Co-infections exacerbate inflammatory responses in COVID-19 patients, promoting coagulopathy and myocardial injury, leading to increased disease severity

Xiaoxia Chang ¹ Yanjun Lai ¹ Yingying Zhao ² Jing Zhao ³ Yunchao Zhang ¹ Xiaotao Qian ¹ Guochao Zhang ^1*

• ¹ Department of Clinical Laboratory, Ninth Hospital of Xi’an, Xi’an, China
• ² Department of Pathology, Fenyang College of Shanxi Medical University, Fenyang, China
• ³ Nephrotic hemodialysis center, Shaanxi provincial people’s hospital, Xi ’an, China

Objectives: Severe COVID-19 infection is characterized by excessive inflammatory responses, hypercoagulation, and microvascular dysfunction. However, limited research has investigated the effects of co-infections on these characteristics in COVID-19 patients. This study aims to explore how co-infections influence inflammation, hypercoagulability, and microvascular dysfunction in hospitalized COVID-19 patients, and to assess their impact on disease progression.This was a retrospective cohort study involving 630 COVID-19 inpatients who tested positive for SARS-CoV-2 RNA at Xi'an Ninth Hospital. The patients were categorized into two groups: a severe group (n = 176) and a mild group (n = 454).Additionally, they were further subdivided into a co-infected (n = 106) group and a non-co-infected group (n=524) based on the presence or absence of co-infections. Clinical characteristics and laboratory findings were analyzed and compared between the groups.Results: In the co-infected group, 60 patients (56.6%) were classified as severe cases, and 15 (14.2%) died. By comparison, in the non-co-infected group, 97 patients (18.5%) were severe cases, with 4 (0.8%) deaths.
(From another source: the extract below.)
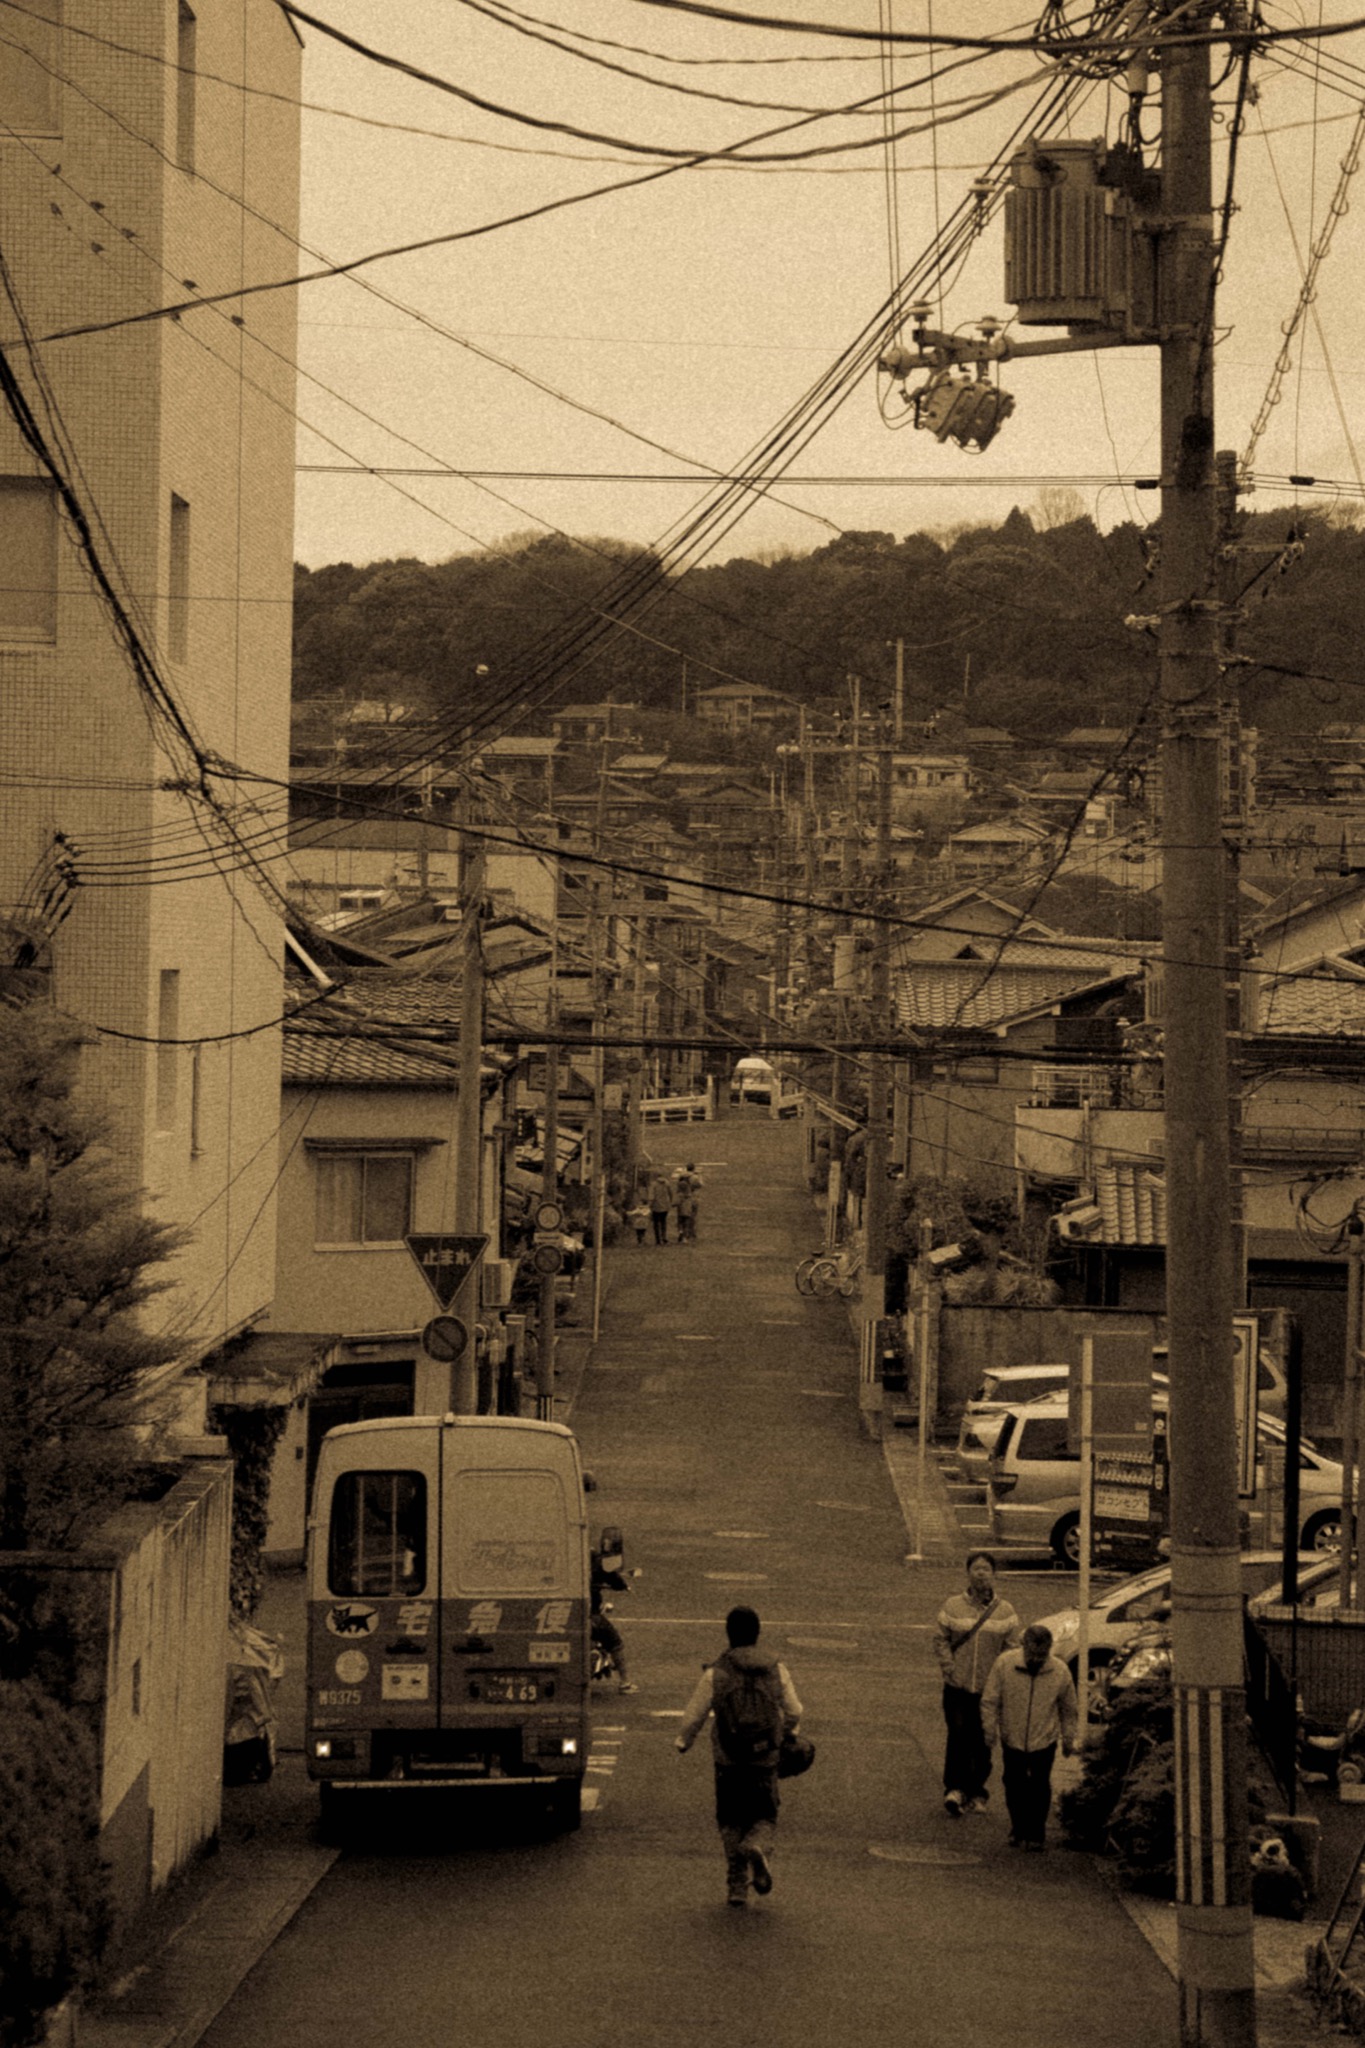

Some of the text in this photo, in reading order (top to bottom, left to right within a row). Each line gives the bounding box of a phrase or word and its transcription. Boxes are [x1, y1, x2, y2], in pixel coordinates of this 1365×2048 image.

[423, 1248, 472, 1265] 止まれ
[397, 1601, 573, 1635] 宅急便
The severity and mortality rates were significantly higher in co-infected patients compared to those non-co-infections.The severe and co-infected groups exhibited significantly higher levels of inflammatory cells, inflammatory factors, coagulation biomarkers, and myocardial injury markers compared to the mild and non-co-infected groups. Conversely, lymphocyte counts, RBC counts, HGB, HCT, TP, and ALB levels were significantly lower in the severe and co-infected groups than in the mild and non-co-infected groups. Furthermore, a notable positive correlation was observed among inflammatory factors, coagulation function, and myocardial injury biomarkers in COVID-19 patients.Conclusion: Co-infections in COVID-19 patients can trigger severe inflammatory responses. This excessive inflammation may lead to coagulation disorders and myocardial injury, all of which are key contributors to disease progression and deterioration (Figure 1). Therefore, implementing infection prevention measures to minimize the spread of co-infections among hospitalized COVID-19 patients is crucial.